Twice a month for several years, until 1996, a Dutch sailing barge,
the Albatros, nosed her way along the tortuous channel into
the harbour at Wells-next-the-Sea in North Norfolk. Each time,
she carried soya bean meal from Ghent in Belgium for Dalgety.
She was continuing - indeed reviving - a long connection between Wells and
small sail traders for this now tiny port was one of several in Norfolk
which once thrived on East Anglia's medieval wool trade and Icelandic fishing
exploits and had for centuries handled grain exports and in-bound coal from
Newcastle.
By the late 20th century, most of that was long gone and so Albatros was regarded
with affection in Wells, a link with the old days, something to show the
children. Several times, I had seen her tied up at the quay among the whelkers
but one evening in September 1996, I happened to stumble upon her farewell
party.
The contract had finished and she was about to depart for the last
time. Two hundred or so people stood on the quay, being serenaded
from the deck by the Sheringham Shantymen who were singing, well,
shanties really.
Hanging on for twenty minutes, I took in the whimsicality and nostalgia,
banged off a few shots and then went off on the original business which
had taken me there. Three years later, I came across
a cutting of that event from the local paper and immediately wondered what
became of Albatros.
A phone call to the Wells harbour master yielded a mailing address in Edam,
Holland to which I then wrote asking where she was working these days and,
if she was visiting any UK ports, could I catch up and have a chat?

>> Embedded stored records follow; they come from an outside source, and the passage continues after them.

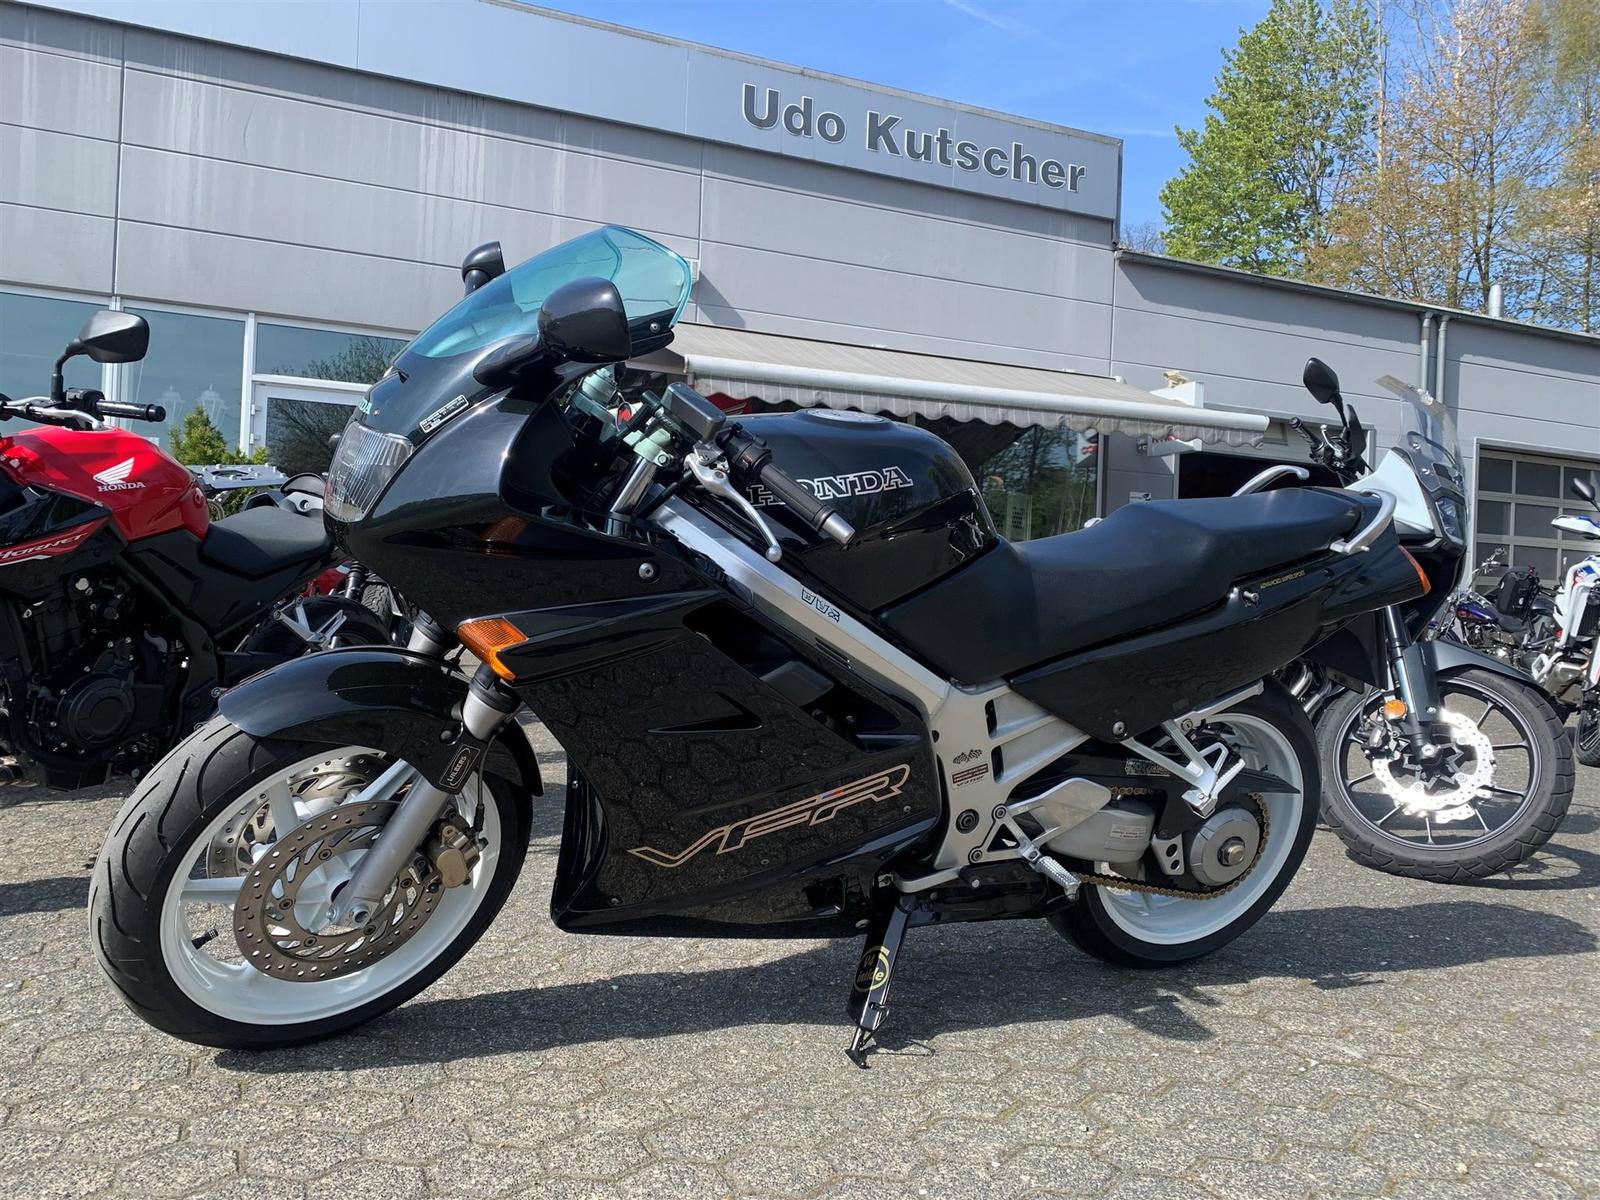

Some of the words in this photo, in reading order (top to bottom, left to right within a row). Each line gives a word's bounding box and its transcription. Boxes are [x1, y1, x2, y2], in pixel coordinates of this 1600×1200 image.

[742, 82, 847, 144] Udo
[865, 109, 1086, 193] Kutscher
[97, 481, 146, 492] HONDA
[627, 763, 911, 868] VFR
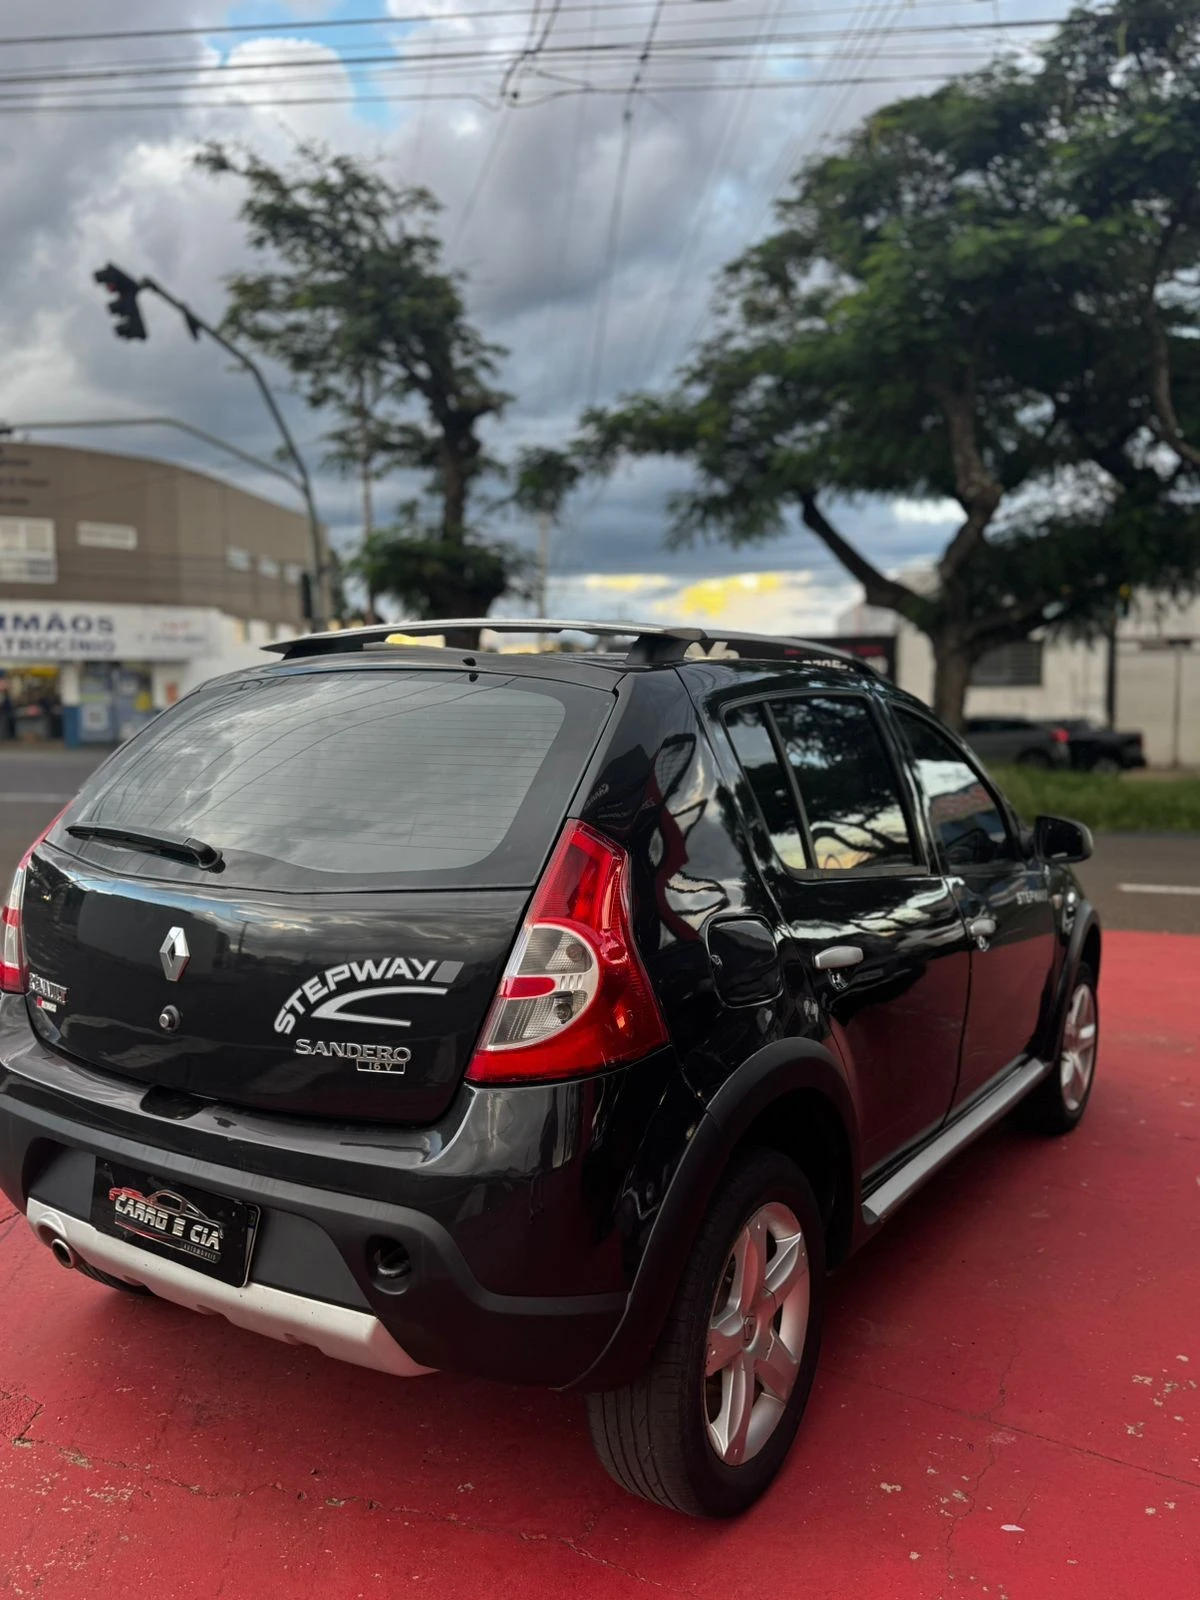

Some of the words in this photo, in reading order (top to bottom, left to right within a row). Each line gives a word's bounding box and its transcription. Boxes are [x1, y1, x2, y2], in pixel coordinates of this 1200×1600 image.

[0, 610, 114, 632] MÃOS
[273, 957, 437, 1035] STEPWAY
[295, 1038, 412, 1063] SANDERO
[115, 1194, 168, 1231] CARRO
[171, 1217, 186, 1237] E

Two months on, a reply came from the skipper to say that she was working
out of various Dutch ports for Greenpeace, her hold converted to a classroom
to teach children about the sea. Would I like to come over and have a look?

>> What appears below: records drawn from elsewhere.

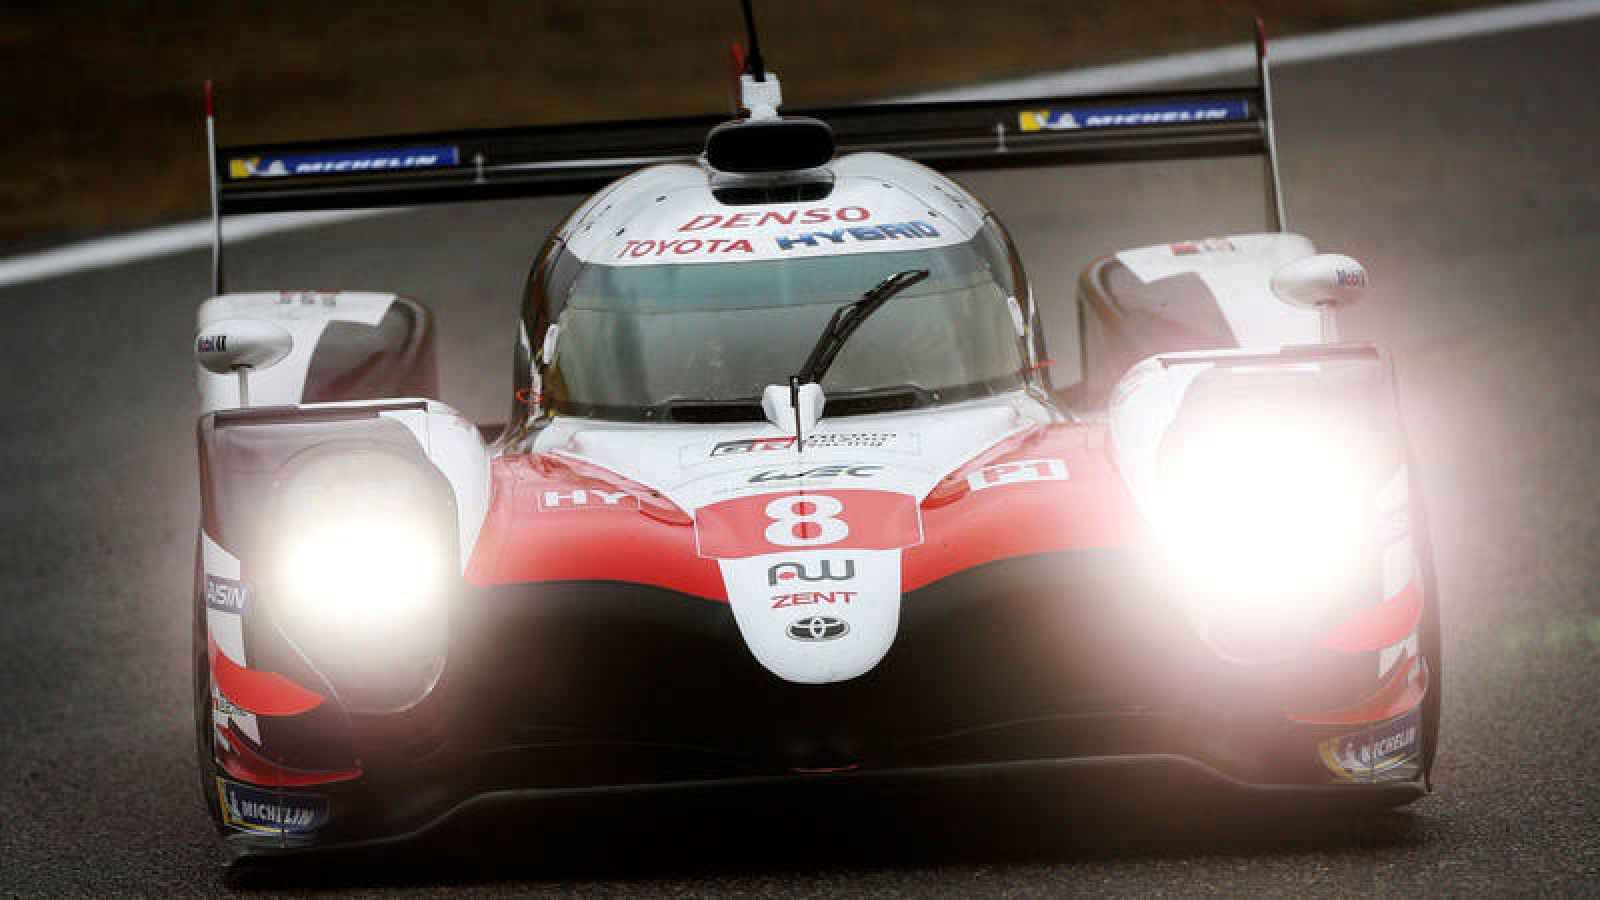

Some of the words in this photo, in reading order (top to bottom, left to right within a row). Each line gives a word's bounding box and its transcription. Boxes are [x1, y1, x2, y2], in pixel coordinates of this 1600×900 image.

[678, 206, 871, 232] DENSO
[617, 239, 754, 258] TOYOTA
[774, 221, 940, 250] HYBRID
[544, 489, 631, 507] HY
[764, 495, 849, 547] 8
[771, 591, 859, 609] ZENT

Well, now that he mentioned it ...
So it was that in early April, 2000, I found myself climbing aboard from
a rain-lashed wooden jetty in the Dutch port of Hoorn. I had hoped for better
weather - I had even delayed my sail for a day - but still the squalls came
in across the Ijsselmeer and I had to make the best of it.

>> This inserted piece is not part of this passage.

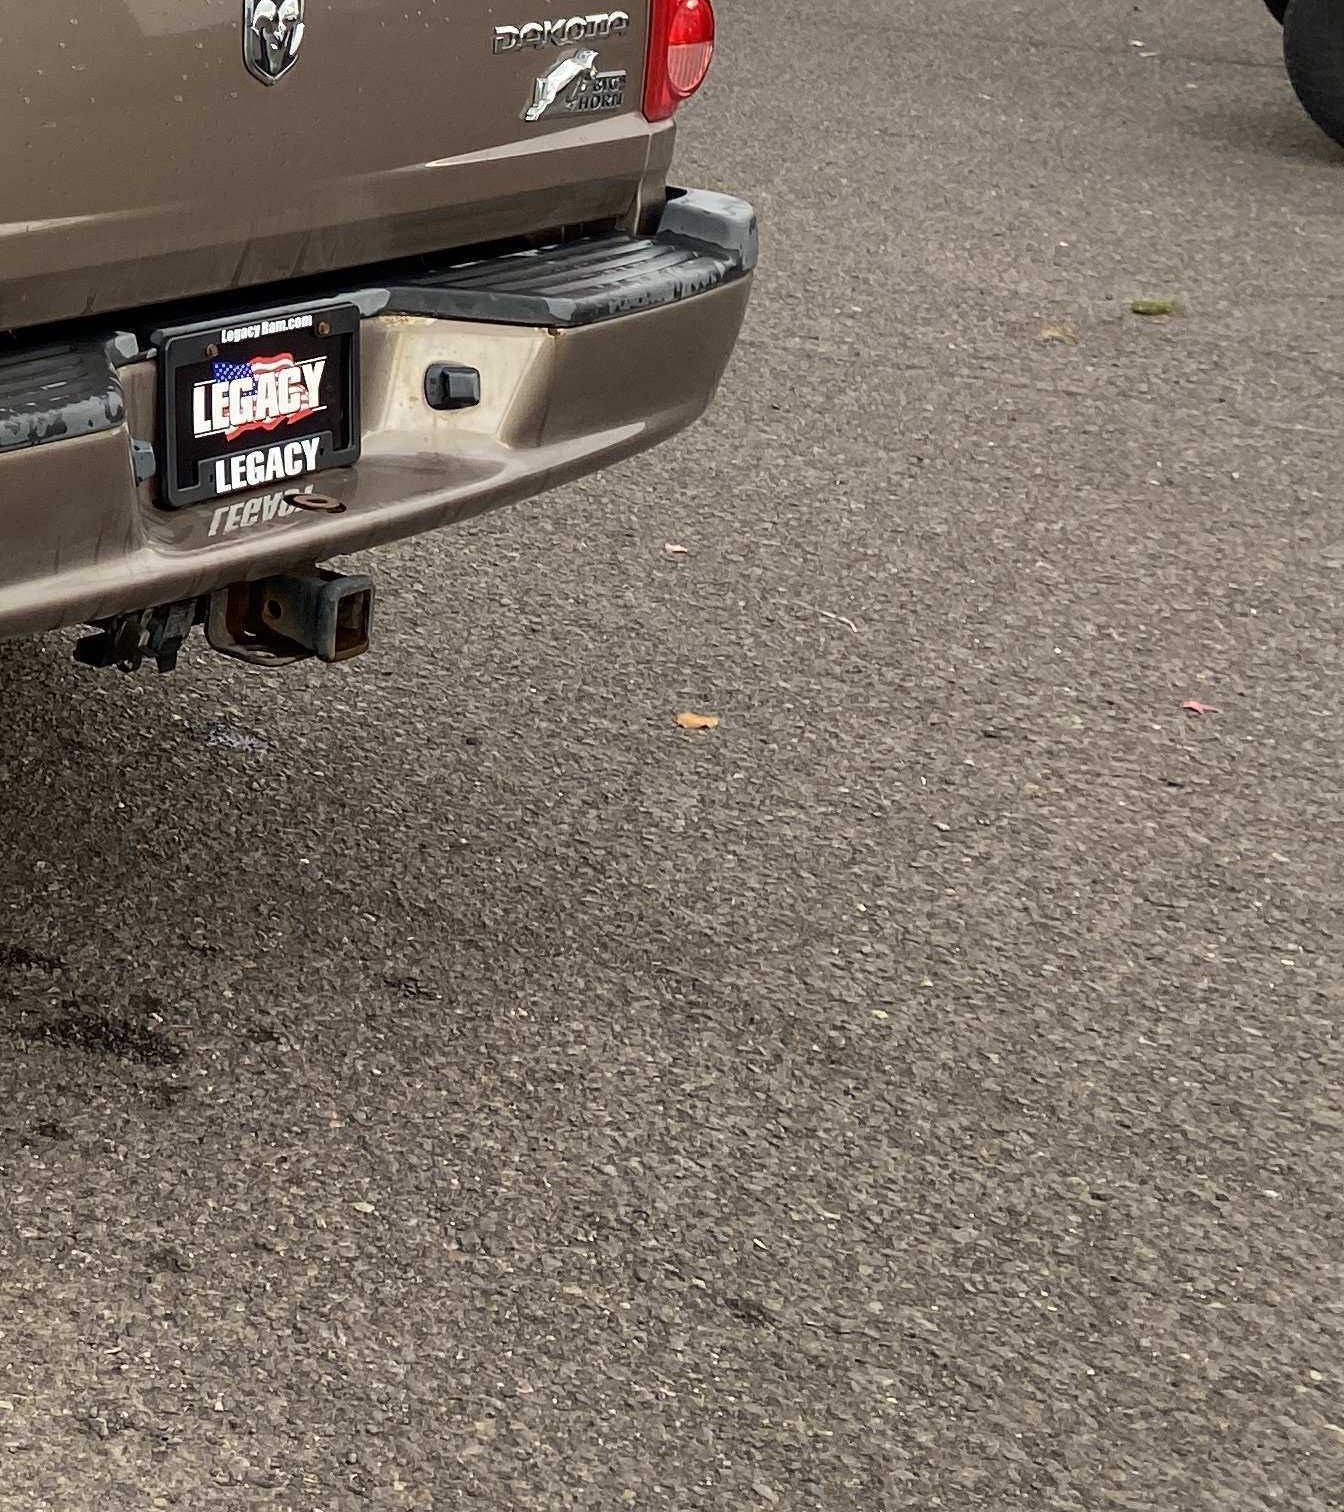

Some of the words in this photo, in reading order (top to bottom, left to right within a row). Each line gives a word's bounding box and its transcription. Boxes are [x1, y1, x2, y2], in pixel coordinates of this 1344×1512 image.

[492, 11, 629, 54] DAKOTA
[578, 92, 624, 110] HORN
[193, 360, 326, 435] LEGACY
[215, 437, 320, 494] LEGACY

As the day's cargo of schoolkids began to get to grips with what the Greenpeace
volunteers were teaching them, owner/skipper Ton Brouwer told me about his
ship.
She was built in Rotterdam in 1899, a 'North Sea klipper', two years after
the opening of the 120 km Kiel Canal which connected the Baltic to the North
Sea and cut out several hundred miles of sailing around the north of Denmark.
Like many similar craft, she was built to work that route.
The first captain, a Dutchman, worked the Baltic trade until 1918 when
he sold Albatros to a Danish captain who had her until 1941. He fitted
her first engine in 1933 and reduced her rigging to steadying sails.
Another Dane, Captain Rasmussen, then bought her and sailed her nearly
all his working life until 1978. All three skippers typically carried
Scandinavian timber, building materials, grain or cattle feed, up to 180
tonnes at a time to and from the Baltic. But after Rasmussen retired,
the ship spent two years sitting in Copenhagen waiting for a new owner.
It was there that Ton found her. He took her to the Dutch port of Urk where
he spent four and a half years stripping her down to the bare hull and engine
and then rebuilding and restoring her, the shipyard doing the bigger jobs
and he doing the detailed work. It meant a new wheel house, decking, masts
and rigging including a bowsprit. He also reconfigured the hatches to make
them conform to modern standards.
The original hull was of riveted steel - Albatros was one of the first steel
barges which succeeded the iron hulls - but the whole bottom of the ship
was renewed in 1964 and everything below the waterline is now welded steel.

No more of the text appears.